> _WHAT IS BEING ASKED_: Without copying any picture, return all lines below exactly.

> _DATA FOR THIS EXERCISE_:
--------------------------------

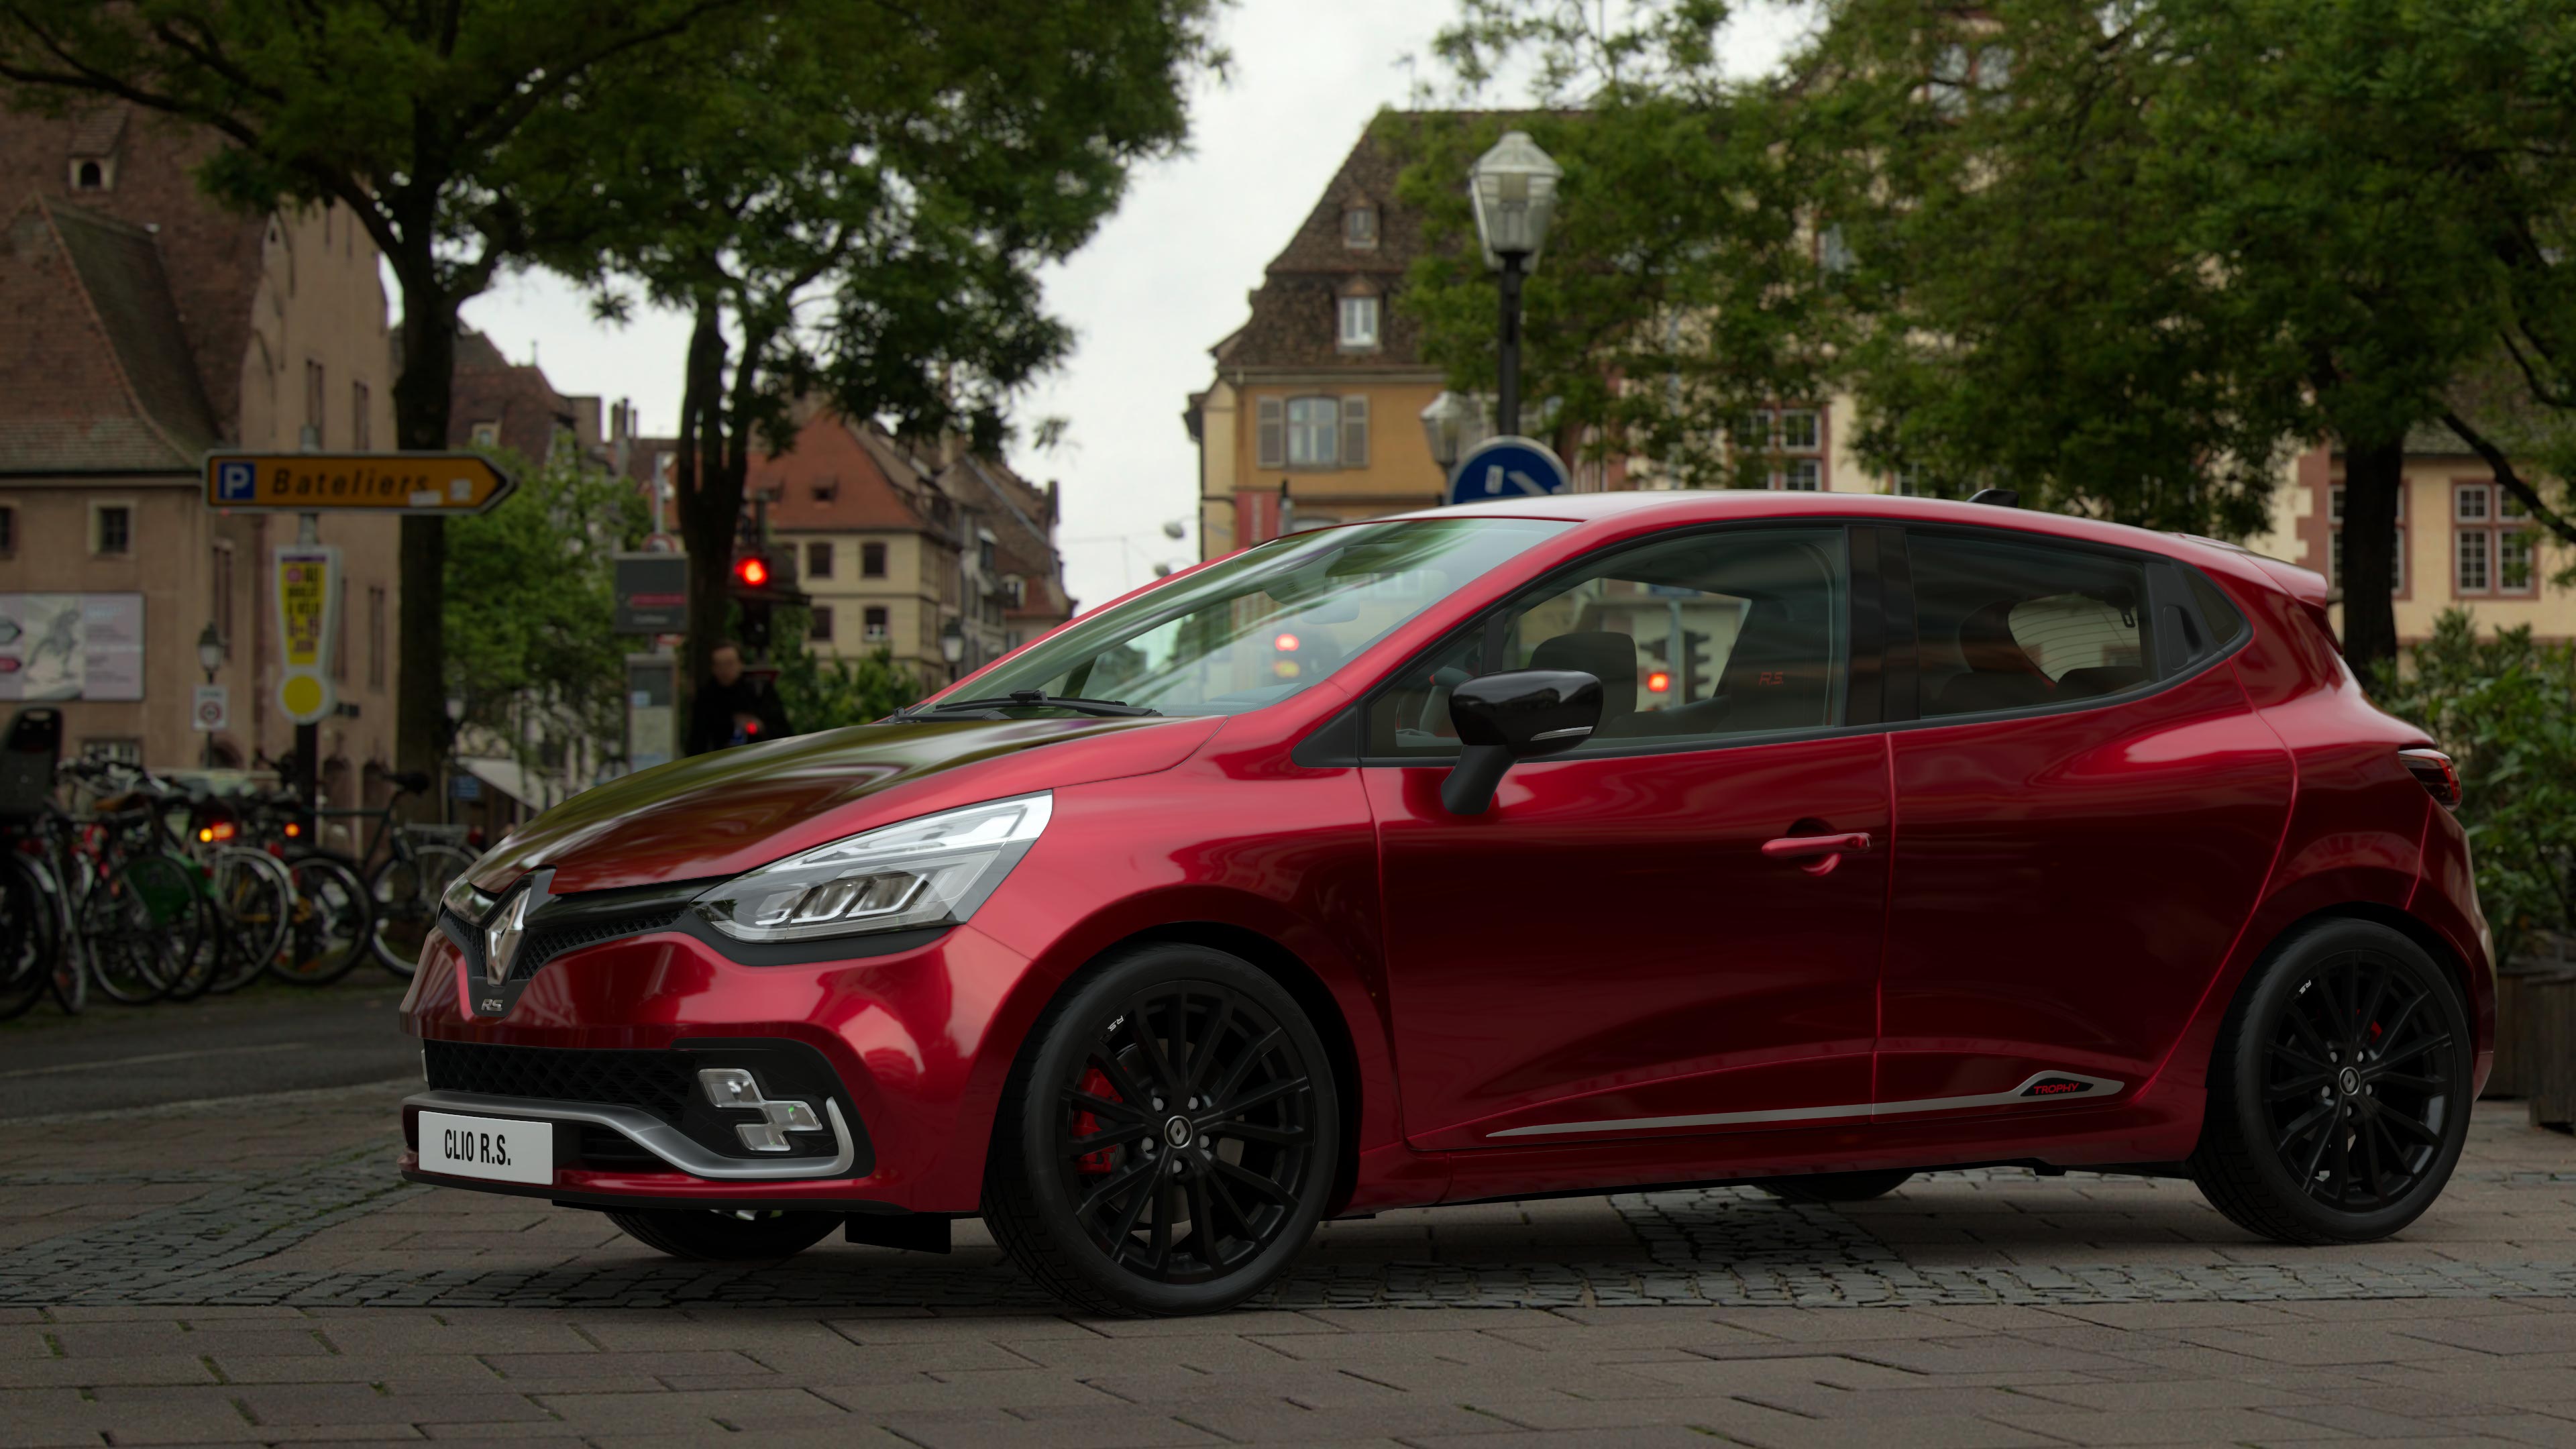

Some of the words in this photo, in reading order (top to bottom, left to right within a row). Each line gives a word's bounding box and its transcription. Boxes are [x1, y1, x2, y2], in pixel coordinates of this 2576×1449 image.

[224, 465, 251, 497] P
[272, 467, 430, 495] Bateliers
[1107, 1015, 1124, 1032] R.S.
[2033, 1082, 2080, 1095] TROPHY
[445, 1129, 474, 1161] CLIO
[480, 1133, 511, 1166] R.S.
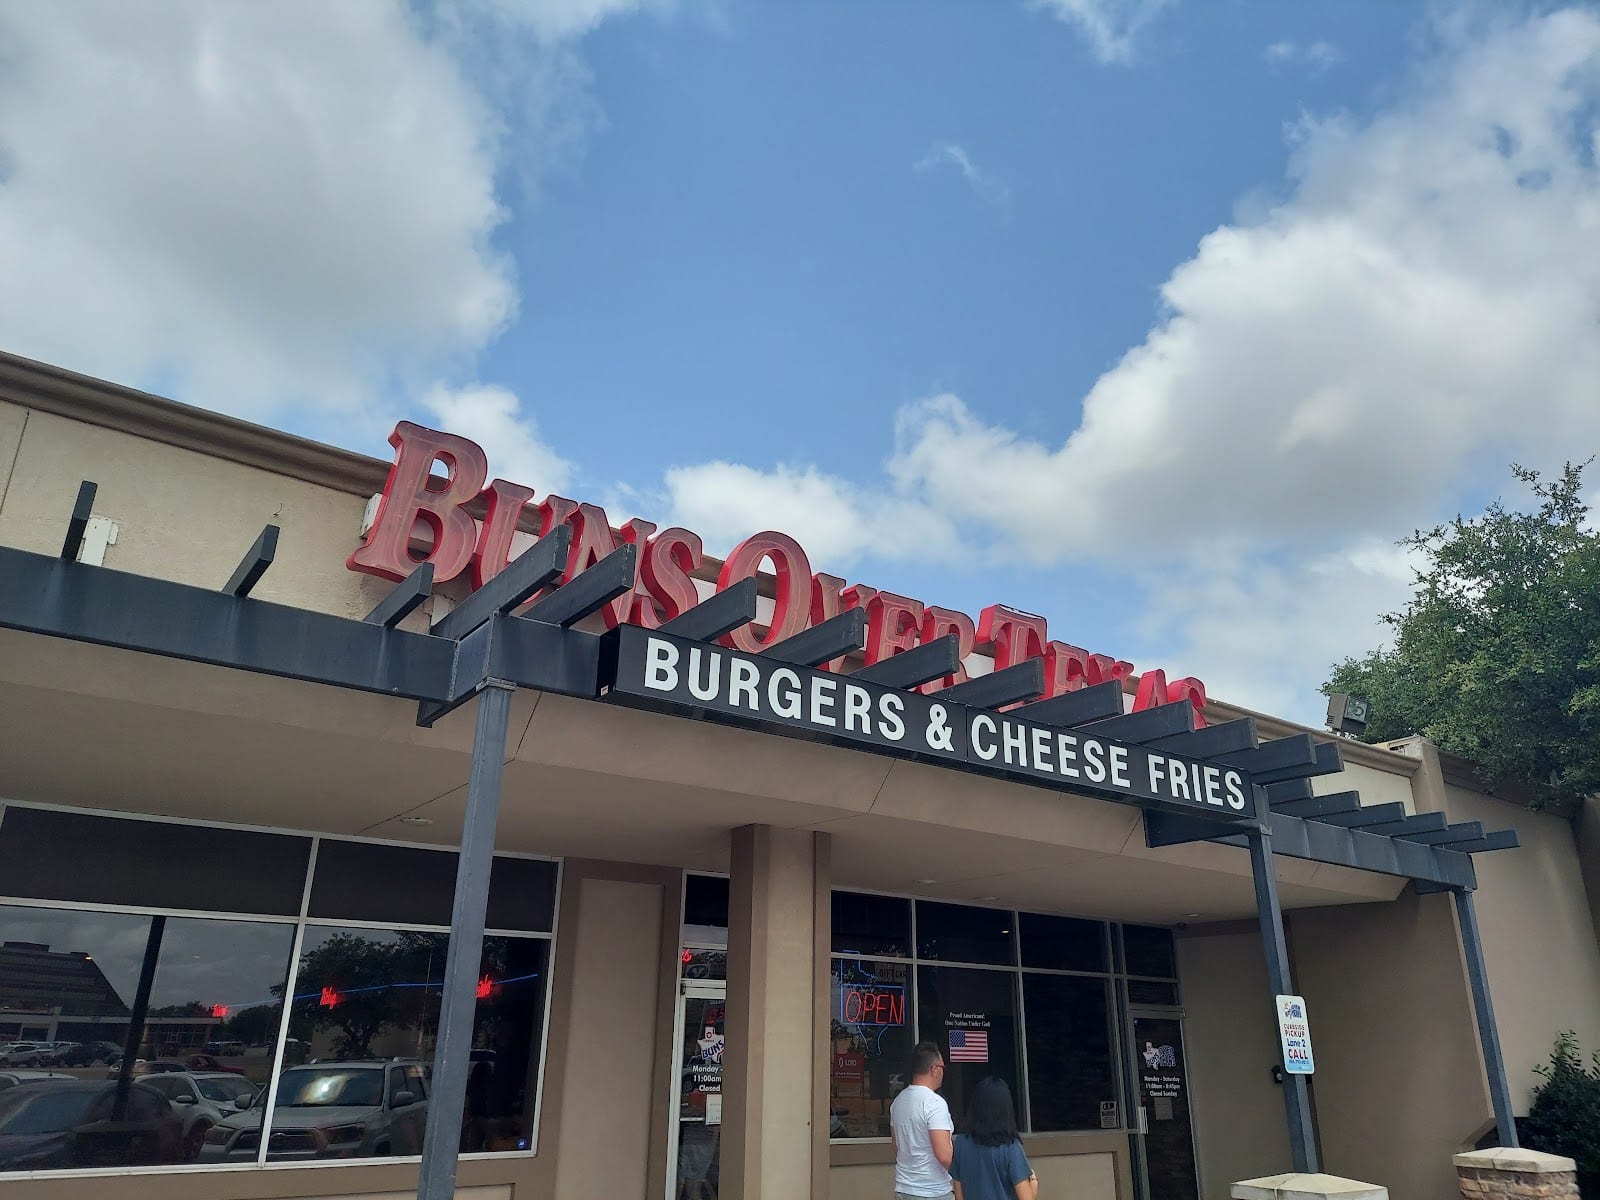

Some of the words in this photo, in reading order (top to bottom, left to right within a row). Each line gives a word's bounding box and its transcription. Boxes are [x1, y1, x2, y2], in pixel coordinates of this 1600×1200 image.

[346, 420, 703, 632] BUNS
[715, 531, 975, 695] OVER
[644, 637, 906, 742] BURGERS
[925, 703, 954, 752] &
[971, 714, 1131, 788] CHEESE
[1147, 753, 1245, 811] FRIES
[845, 991, 904, 1025] OPEN
[1284, 1030, 1305, 1038] PICKUP
[1287, 1038, 1301, 1047] Lane
[1301, 1039, 1306, 1047] 2
[702, 1040, 725, 1059] BUNS
[1288, 1048, 1308, 1060] CALL
[692, 1065, 719, 1074] Monday
[693, 1074, 721, 1083] 11:00am
[699, 1084, 721, 1092] Closed
[1163, 1090, 1178, 1098] Sunday
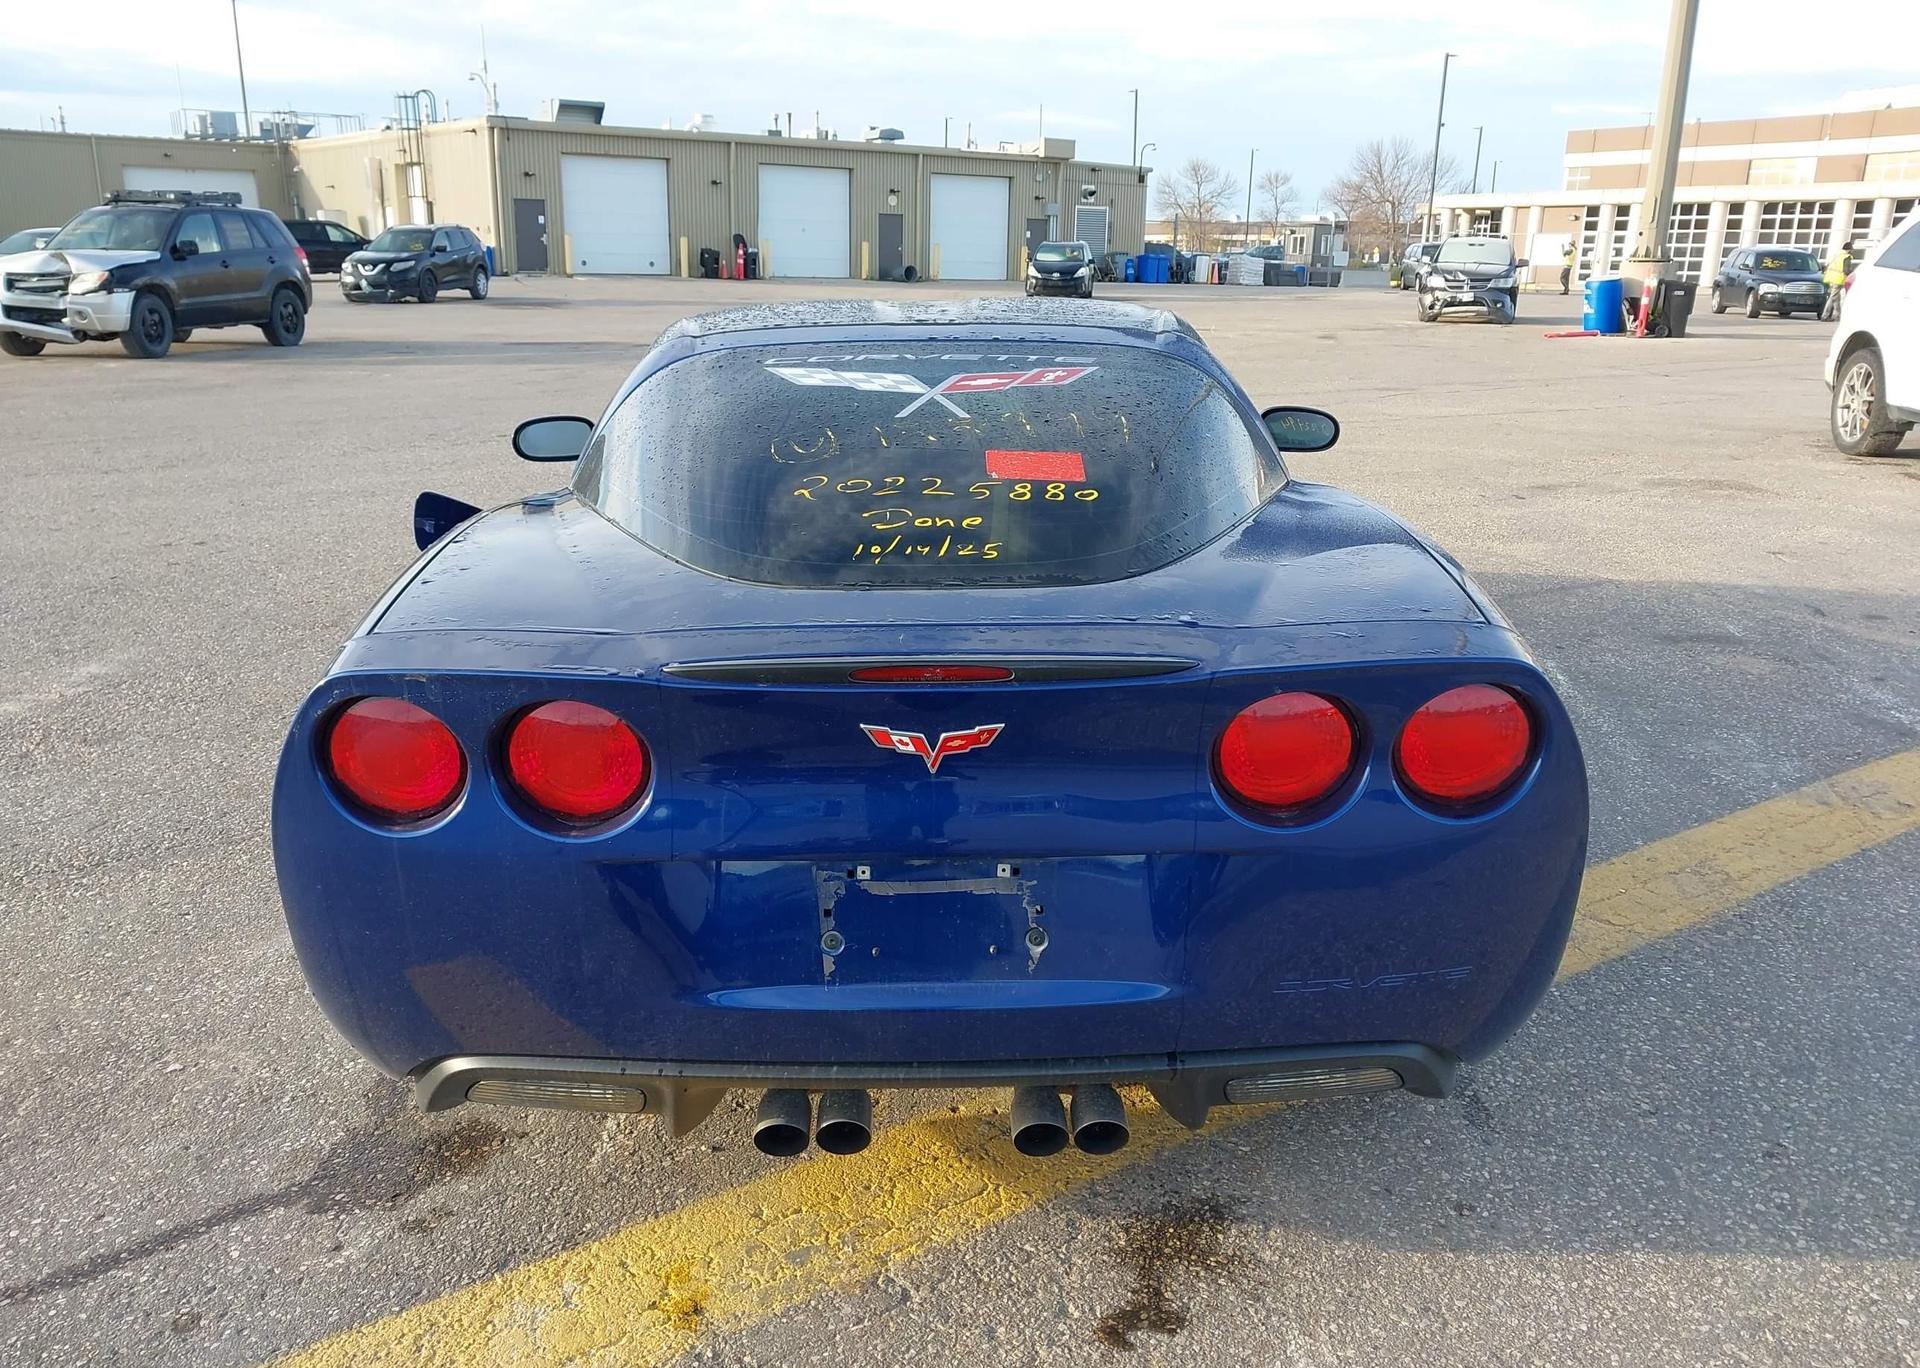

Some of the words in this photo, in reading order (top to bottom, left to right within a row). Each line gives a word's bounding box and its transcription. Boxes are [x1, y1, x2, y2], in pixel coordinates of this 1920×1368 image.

[763, 354, 1099, 365] CORVETTE
[793, 475, 1100, 501] 20225880
[861, 508, 985, 530] Done
[852, 535, 1003, 564] 10/14/25

--------------------------------

> _ANSWER FOR THIS EXERCISE_:
Some of the words in this photo, in reading order (top to bottom, left to right within a row). Each line gives a word's bounding box and its transcription. Boxes are [x1, y1, x2, y2], in pixel coordinates of this 2576×1449 image.

[224, 465, 251, 497] P
[272, 467, 430, 495] Bateliers
[1107, 1015, 1124, 1032] R.S.
[2033, 1082, 2080, 1095] TROPHY
[445, 1129, 474, 1161] CLIO
[480, 1133, 511, 1166] R.S.

Some of the words in this photo, in reading order (top to bottom, left to right within a row). Each line gives a word's bounding box and its transcription. Boxes are [x1, y1, x2, y2], in pixel coordinates of this 1600×1200 image.

[346, 420, 703, 632] BUNS
[715, 531, 975, 695] OVER
[644, 637, 906, 742] BURGERS
[925, 703, 954, 752] &
[971, 714, 1131, 788] CHEESE
[1147, 753, 1245, 811] FRIES
[845, 991, 904, 1025] OPEN
[1284, 1030, 1305, 1038] PICKUP
[1287, 1038, 1301, 1047] Lane
[1301, 1039, 1306, 1047] 2
[702, 1040, 725, 1059] BUNS
[1288, 1048, 1308, 1060] CALL
[692, 1065, 719, 1074] Monday
[693, 1074, 721, 1083] 11:00am
[699, 1084, 721, 1092] Closed
[1163, 1090, 1178, 1098] Sunday

Some of the words in this photo, in reading order (top to bottom, left to right within a row). Each line gives a word's bounding box and its transcription. Boxes are [x1, y1, x2, y2], in pixel coordinates of this 1920×1368 image.

[763, 354, 1099, 365] CORVETTE
[793, 475, 1100, 501] 20225880
[861, 508, 985, 530] Done
[852, 535, 1003, 564] 10/14/25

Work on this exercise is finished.